Prompt: Print the listing below exactly, minus its pictures.
⟨
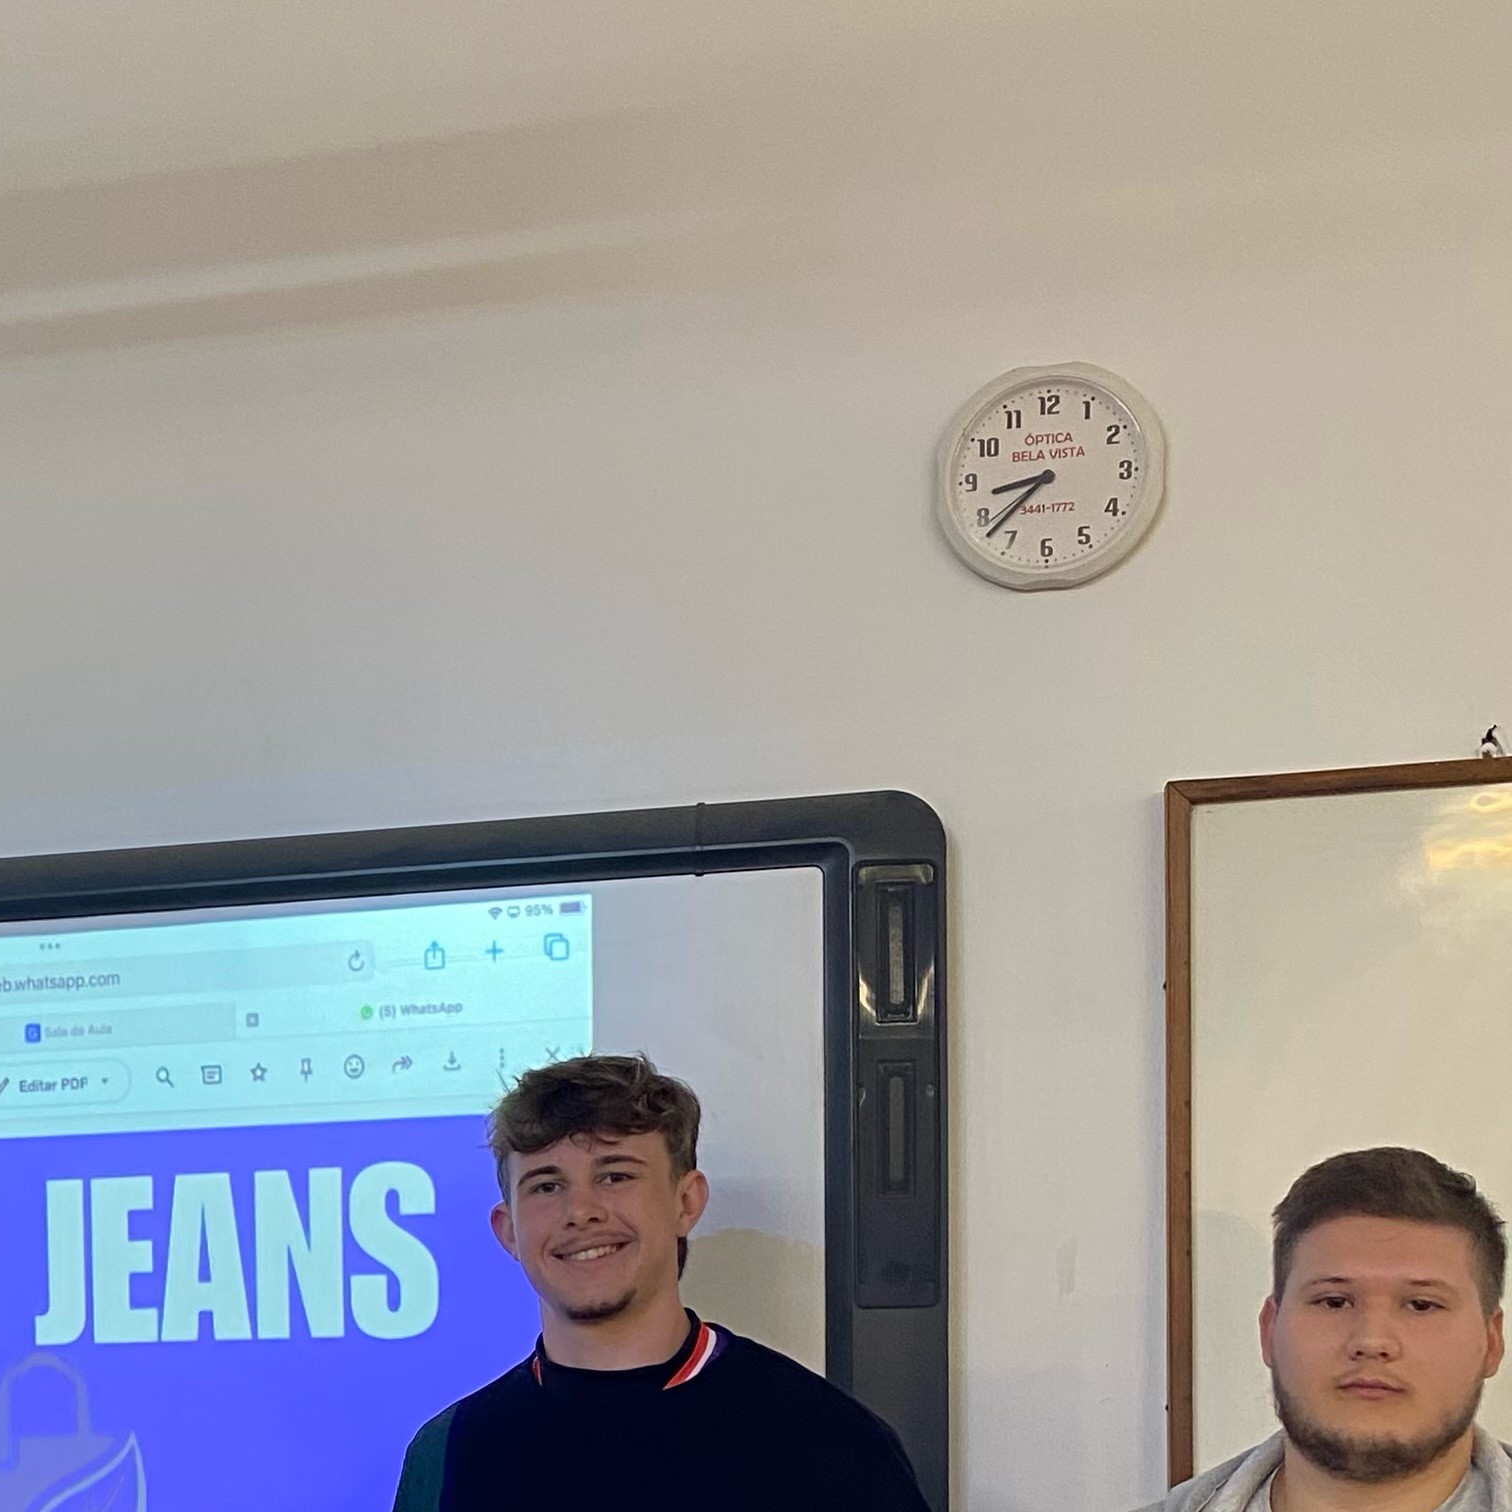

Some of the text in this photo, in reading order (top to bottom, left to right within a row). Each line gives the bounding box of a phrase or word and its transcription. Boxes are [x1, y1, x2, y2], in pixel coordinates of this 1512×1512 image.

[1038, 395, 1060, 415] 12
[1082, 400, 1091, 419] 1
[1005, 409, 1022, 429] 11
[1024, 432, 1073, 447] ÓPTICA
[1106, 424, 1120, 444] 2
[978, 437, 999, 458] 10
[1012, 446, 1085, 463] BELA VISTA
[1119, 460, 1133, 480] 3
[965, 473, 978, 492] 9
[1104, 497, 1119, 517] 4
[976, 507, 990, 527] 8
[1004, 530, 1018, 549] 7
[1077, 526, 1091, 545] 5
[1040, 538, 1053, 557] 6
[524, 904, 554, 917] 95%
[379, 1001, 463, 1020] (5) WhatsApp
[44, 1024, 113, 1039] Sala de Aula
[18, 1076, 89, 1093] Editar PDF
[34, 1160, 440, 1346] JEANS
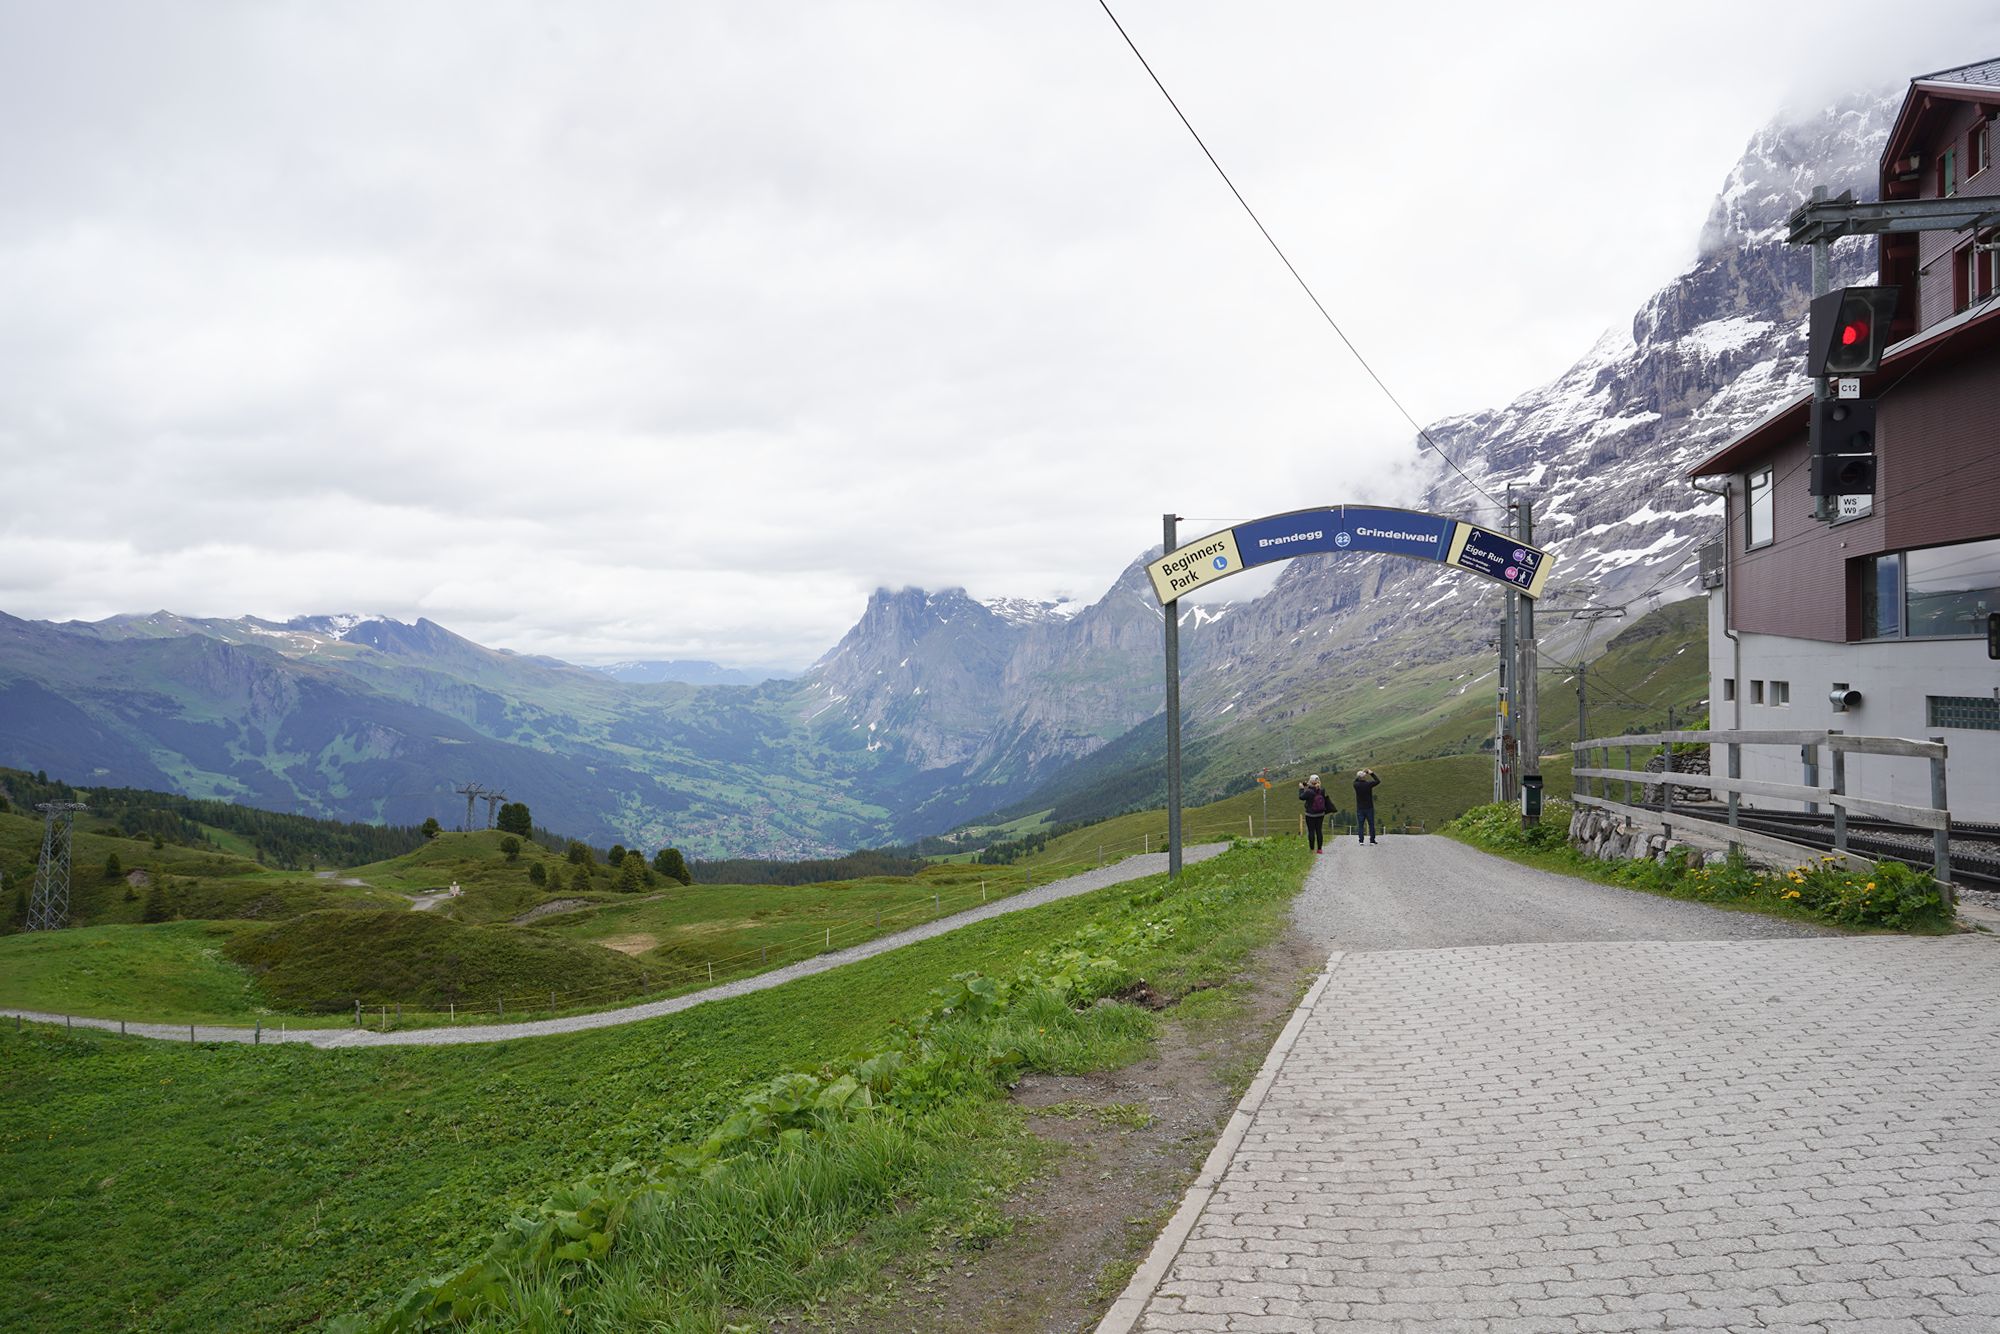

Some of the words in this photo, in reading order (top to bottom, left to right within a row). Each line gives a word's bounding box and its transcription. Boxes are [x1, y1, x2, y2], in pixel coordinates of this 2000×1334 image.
⟩
Result for this exercise:
Some of the text in this photo, in reading order (top to bottom, left to right within a row). Each line gives the bounding box of a phrase or word and its transcription. Boxes are [x1, y1, x2, y2], in pixel coordinates of this 1512×1512 image.

[1038, 395, 1060, 415] 12
[1082, 400, 1091, 419] 1
[1005, 409, 1022, 429] 11
[1024, 432, 1073, 447] ÓPTICA
[1106, 424, 1120, 444] 2
[978, 437, 999, 458] 10
[1012, 446, 1085, 463] BELA VISTA
[1119, 460, 1133, 480] 3
[965, 473, 978, 492] 9
[1104, 497, 1119, 517] 4
[976, 507, 990, 527] 8
[1004, 530, 1018, 549] 7
[1077, 526, 1091, 545] 5
[1040, 538, 1053, 557] 6
[524, 904, 554, 917] 95%
[379, 1001, 463, 1020] (5) WhatsApp
[44, 1024, 113, 1039] Sala de Aula
[18, 1076, 89, 1093] Editar PDF
[34, 1160, 440, 1346] JEANS

Some of the words in this photo, in reading order (top to bottom, left to right within a row). Each line gives a word's bounding box and its transcription. Boxes are [x1, y1, x2, y2], in pixel coordinates of this 2000×1334 image.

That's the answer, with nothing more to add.